Hydrogen, Nitrogen, Potassium", which is clearly a song poem.
Anyway, this one, which may be the weirdest song-poem listening experience I've had since I found Jim Hall's version of "Hydrogen...", grabs me right from the start, with a startling open five second blast of organ, drums and trumpet, and continues with that wonderfully odd, slightly off kilter backing arrangement, while a trio of slightly drunk sounding guys, with just the slightest of midwest ethnic accents, sing a song "inspired by the Marines' Pal, Melvin Miller".
Anyway, at the moment, I just can't get enough of this silly record...
Play:
Really, who among us wouldn't want to have all of our woes punched in the nose?

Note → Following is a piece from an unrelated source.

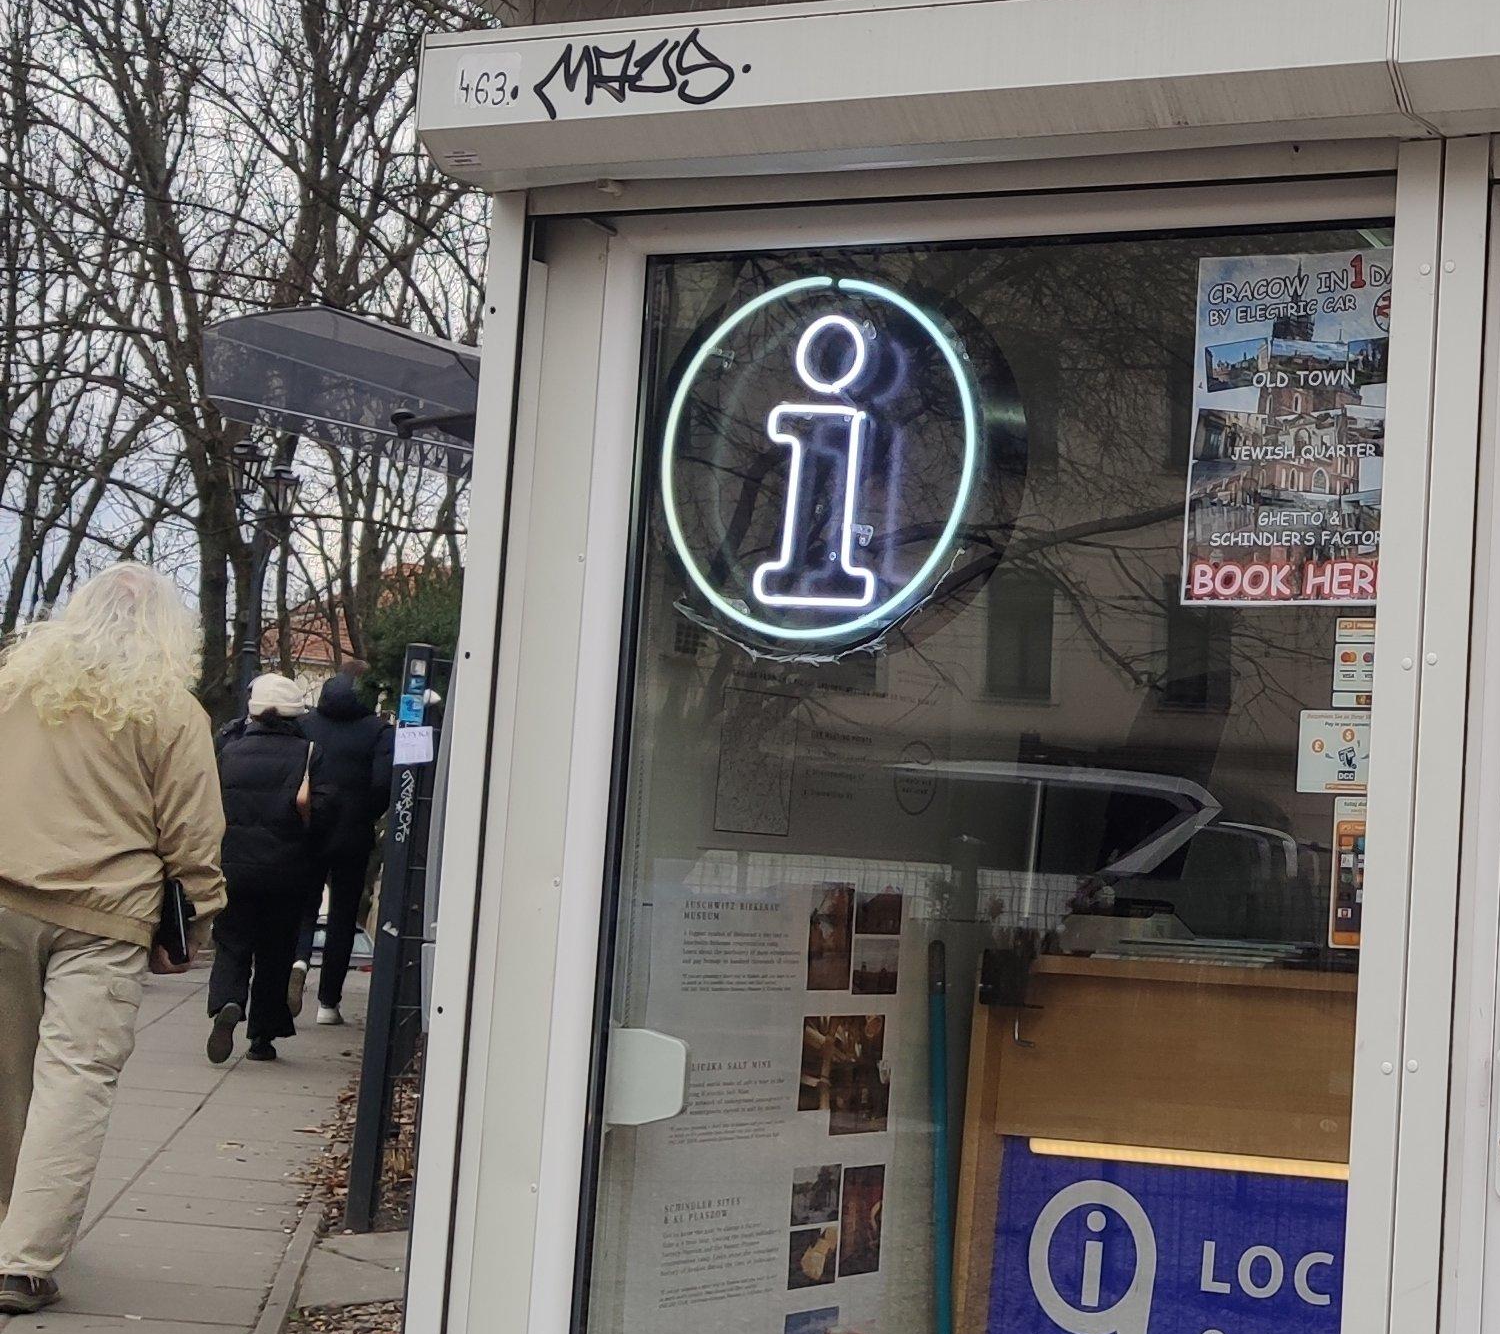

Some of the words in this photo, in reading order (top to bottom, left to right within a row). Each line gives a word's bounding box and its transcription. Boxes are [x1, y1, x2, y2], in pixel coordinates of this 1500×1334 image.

On to the flip: Despite being credited to the same "Fuddy Buddies", the B-side, "I Dunno What to Tellya", sounds very little like the group on the A-side (although that title sounds like something the boys on side one might say). But in this case, there's a female lead singer, piano replacing the organ. guitar replacing the trumpet and minimal presence of drums. As I said above, this one sounds exactly like a song-poem.
Oddly enough, this second song - with the same label number - was released on the same label, paired with a different flip side, by a different group, a song which had a non-matched label number (1002-B), and THAT other flip side also appeared on yet another 45, paired correctly with the other song labeled 1002-A.